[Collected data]
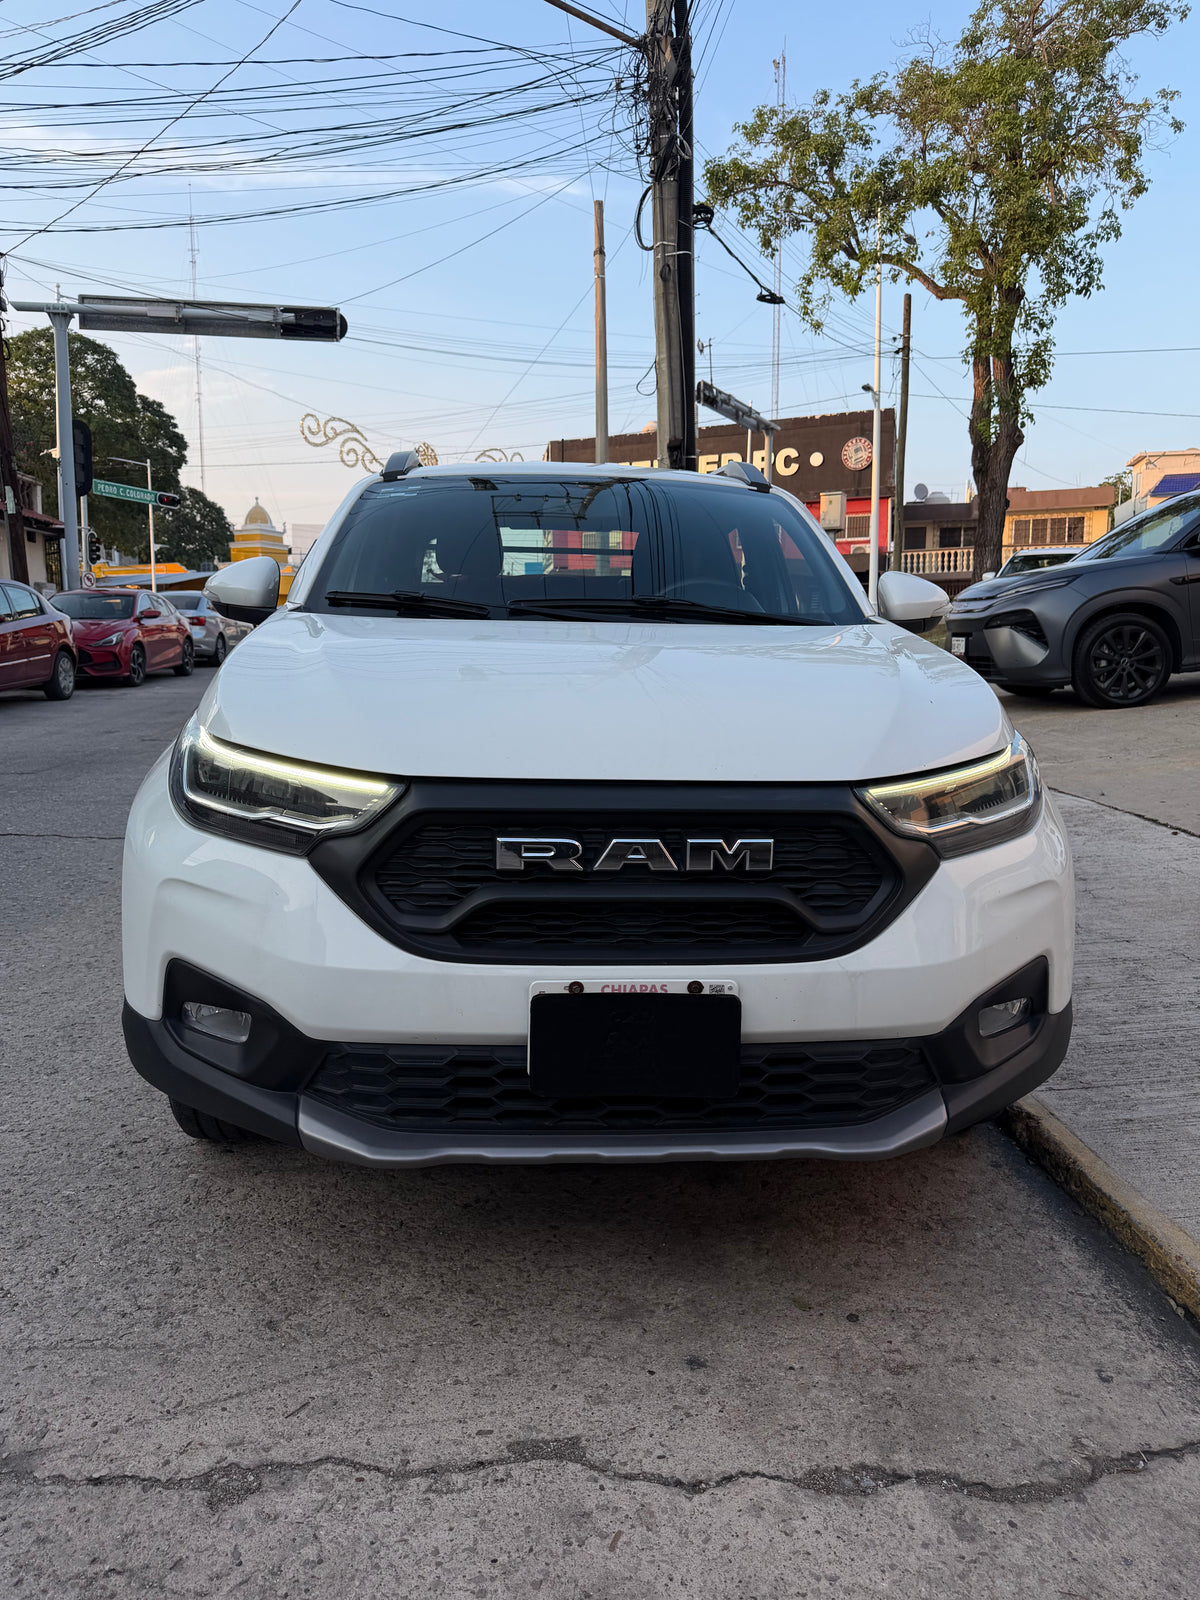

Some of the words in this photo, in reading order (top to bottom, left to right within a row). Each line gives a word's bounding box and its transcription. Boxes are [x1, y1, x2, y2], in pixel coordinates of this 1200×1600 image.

[97, 483, 117, 494] PEDRO
[119, 488, 126, 496] C.
[126, 489, 155, 501] COLORADO
[496, 837, 774, 871] RAM
[600, 984, 669, 994] CHIAPAS

§ Work instruction: A word-for-word copy of the records is needed, one that contains no pictures.

§ Completed exercise:
Some of the words in this photo, in reading order (top to bottom, left to right within a row). Each line gives a word's bounding box and its transcription. Boxes are [x1, y1, x2, y2], in pixel coordinates of this 1200×1600 image.

[97, 483, 117, 494] PEDRO
[119, 488, 126, 496] C.
[126, 489, 155, 501] COLORADO
[496, 837, 774, 871] RAM
[600, 984, 669, 994] CHIAPAS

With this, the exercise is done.